A question that remains to be answered is what the function of this peptide might be. Salivary glands typically secrete digestive enzymes in an exocrine fashion, but in principle, it could also be secreted on the basolateral membrane into the hemolymph. Only the latter possibility could explain how it could stimulate the salivary glands to produce cyclic AMP. In spite of this and the precedent for autocrine stimulation by dopamine in the tick salivary gland (Koči, Šimo & Park, 2014), there are several arguments to suggests that the peptide is secreted as an exocrine rather than an autocrine or paracrine. First, the situation in ticks remains highly unusual. Secondly, in the tick dopamine is made only in a minor cell type, while SASP is made in the major cell type. Thirdly, SASP is made as a protein precursor and as such should be expected to be co-secreted with the digestive enzymes in the same granules (this is not the case for dopamine, which is present in different granules). It would be very surprising if such digestive enzyme containing granules would be secreted into the hemolymph. Fourth, although dopamine in the tick salivary gland is present in relatively high concentrations, it remains a minor product, while SASP as suggested by the immunohistological data as well as the RT-PCR seems to be a major product of the salivary gland. Fifth, it is to be expected that the Lys–Arg cleavage sites in the SASP precursor are cleaved efficiently; however, for the peptide identified by Veelaert et al. (1995) to be produced, this site needs to be still there, for a single Arg residue is not easily cleaved by convertase. Hence, relatively small amounts of the active peptide are expected to be made, while the likely much larger amounts of the peptide used here as antigen, were not identified as a stimulator of cyclic AMP production. This seems to suggests that the stimulation of cyclic AMP production is an accidental artifact, as perhaps also suggested by the high concentrations needed of this peptide to do so.
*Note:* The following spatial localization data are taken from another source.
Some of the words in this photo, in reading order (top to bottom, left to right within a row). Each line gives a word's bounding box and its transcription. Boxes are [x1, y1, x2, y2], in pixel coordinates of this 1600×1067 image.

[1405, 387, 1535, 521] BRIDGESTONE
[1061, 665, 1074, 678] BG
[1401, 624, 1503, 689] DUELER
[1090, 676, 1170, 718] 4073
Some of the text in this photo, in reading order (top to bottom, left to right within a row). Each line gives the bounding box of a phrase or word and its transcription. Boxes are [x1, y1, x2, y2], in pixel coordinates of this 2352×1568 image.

Even if this may suggest an exocrine function for this peptide, it does not answer the question what this function entails. As saliva is generally reabsorbed with the food, its tempting to speculate that it somehow facilitates digestion.
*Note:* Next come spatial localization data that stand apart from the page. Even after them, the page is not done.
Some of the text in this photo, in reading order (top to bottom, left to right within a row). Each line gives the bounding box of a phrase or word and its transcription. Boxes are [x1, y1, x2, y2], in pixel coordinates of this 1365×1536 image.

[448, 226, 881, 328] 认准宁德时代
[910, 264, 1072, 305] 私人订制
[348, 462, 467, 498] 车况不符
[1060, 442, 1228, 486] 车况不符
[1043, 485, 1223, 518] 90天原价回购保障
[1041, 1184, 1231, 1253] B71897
In the last decade a large number of putative neuropeptide genes have been identified in genome sequences of a wide variety of invertebrate species, sometimes based exclusively on the presence of signal peptide and Lys–Arg cleavage sites that separate the presumptive neuropeptides in the precursor. In many cases the predicted peptides show clear homology to known neuropeptides, while in other cases they have subsequently been shown to activate G-protein coupled receptors (Bauknecht & Jékely, 2015). However, as illustrated here the presence of a signal peptide, reputable convertase cleavages sites and multiple copies of the same or a very similar peptide do not make a neuropeptide precursor.